La positivizzazione dei diritti fondamentali della persona è stato il
punto di arrivo, storicamente parlando, di un lunghissimo percorso che
l’umanità ha affrontato durante i secoli.
La lotta degli individui per affermare la propria libertà contro la
soggezione all’autorità di turno è stata il motore di un processo capace di
portare le società moderne in una nuova epoca, contrassegnata da ordinamenti
strutturati giuridicamente secondo la divisione dei poteri dello Stato.
Questo Rinascimento giuridico dei diritti si è sostanzialmente
realizzato all’ombra dell’ultima Guerra Mondiale.

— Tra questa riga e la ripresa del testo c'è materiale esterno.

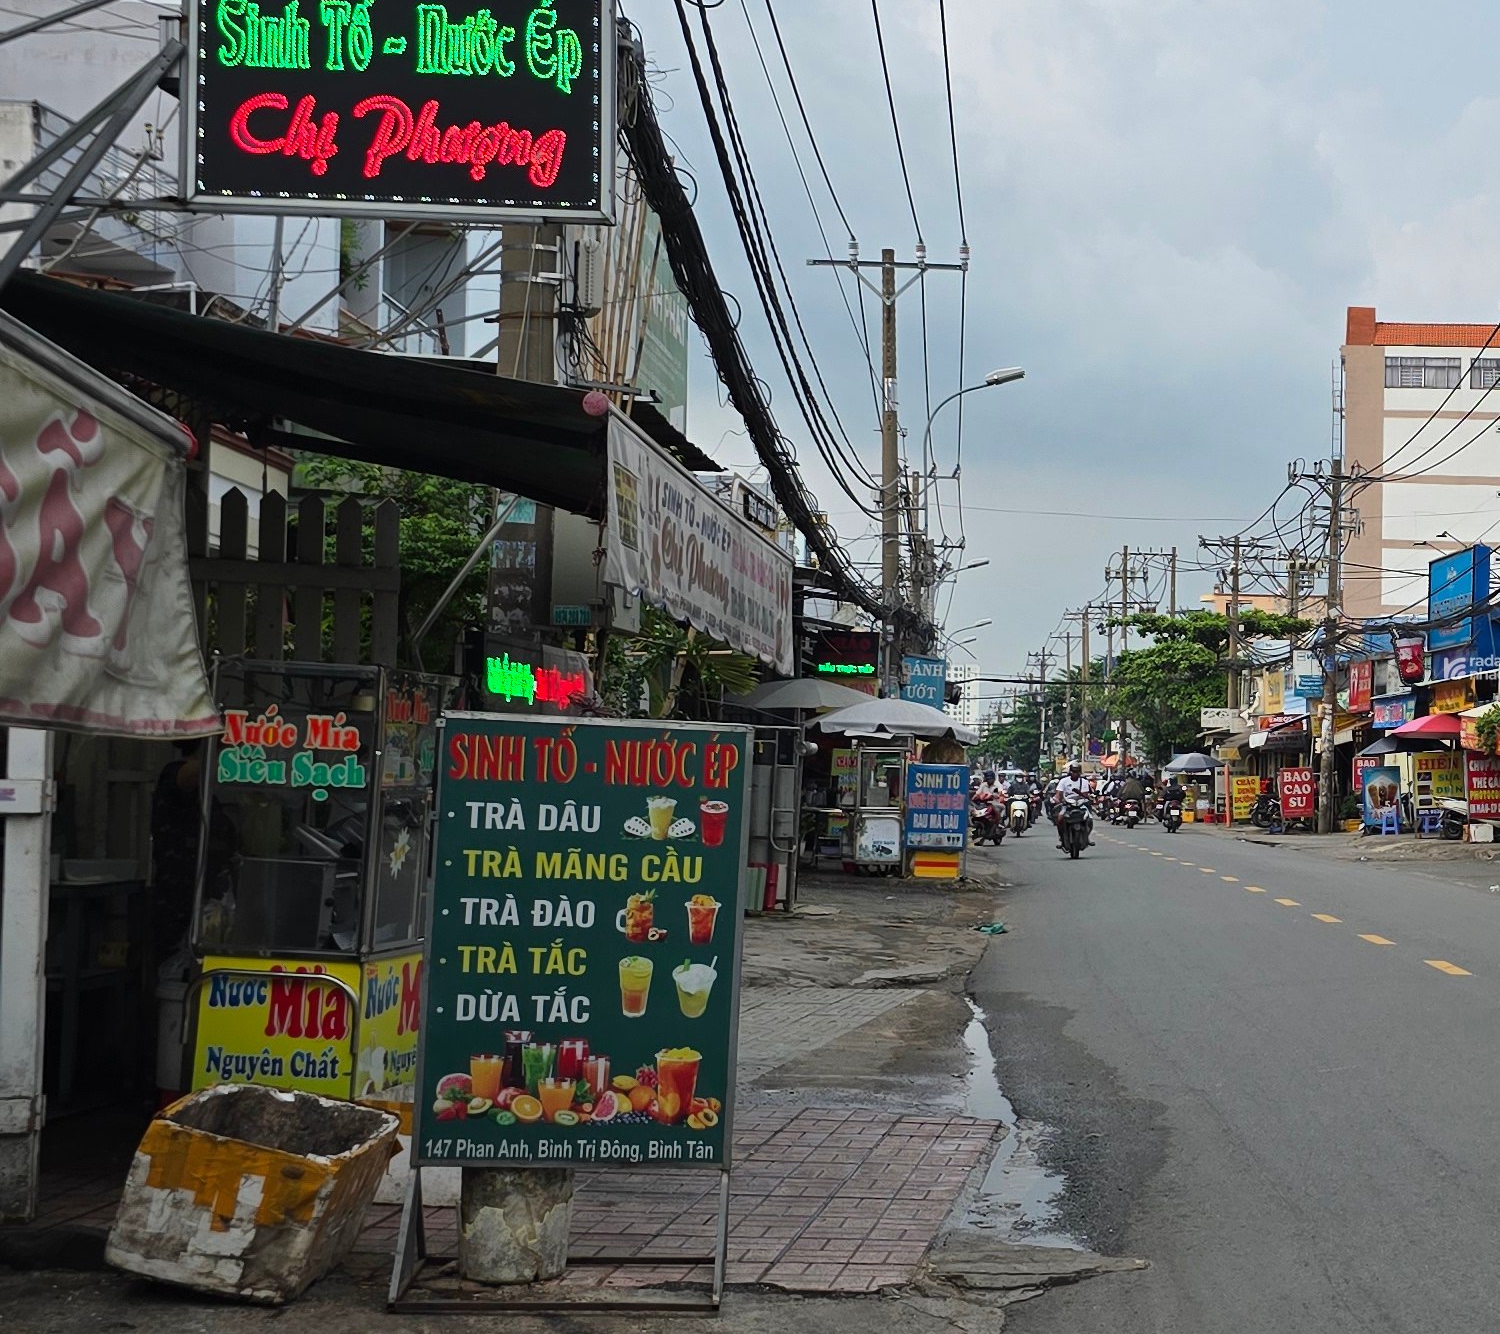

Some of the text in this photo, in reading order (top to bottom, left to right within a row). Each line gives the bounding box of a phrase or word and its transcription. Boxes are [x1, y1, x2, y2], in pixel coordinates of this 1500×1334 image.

Oggi, ad oltre settantacinque anni dalla sua conclusione, spesso
riteniamo questo traguardo quasi come uno status, senza renderci conto di
quanto, in realtà, la “guerra” rappresenti un fatto quasi quotidiano nella vita
umana.
Essa ha plasmato società, imperi, territori – la stessa Corsa allo
Spazio - e continua a farlo anche oggi.
Anche quindi se a molti di noi, fortunatamente, può sembrare un
concetto alieno alla nostra esperienza, essa è stata ed è ancora sempre
presente quasi ovunque nel mondo.
Le moderne carte costituzionali rappresentano la prova del nostro
grado di civiltà, tuttavia darle per scontate (specialmente oggi) potrebbe
essere un errore con un prezzo altissimo da pagare, in particolare per le nuove
generazioni.
Fenomeni immigratori generati da instabilità politiche, economiche
e – non ultimo – metereologiche; lo stesso terrorismo, combattuto dalle
democrazie nel recente passato con gli strumenti del diritto penale interno, ha
virato bruscamente direzione: da una dimensione prettamente politica e
nazionale ha assunto caratteri religiosi e transnazionali.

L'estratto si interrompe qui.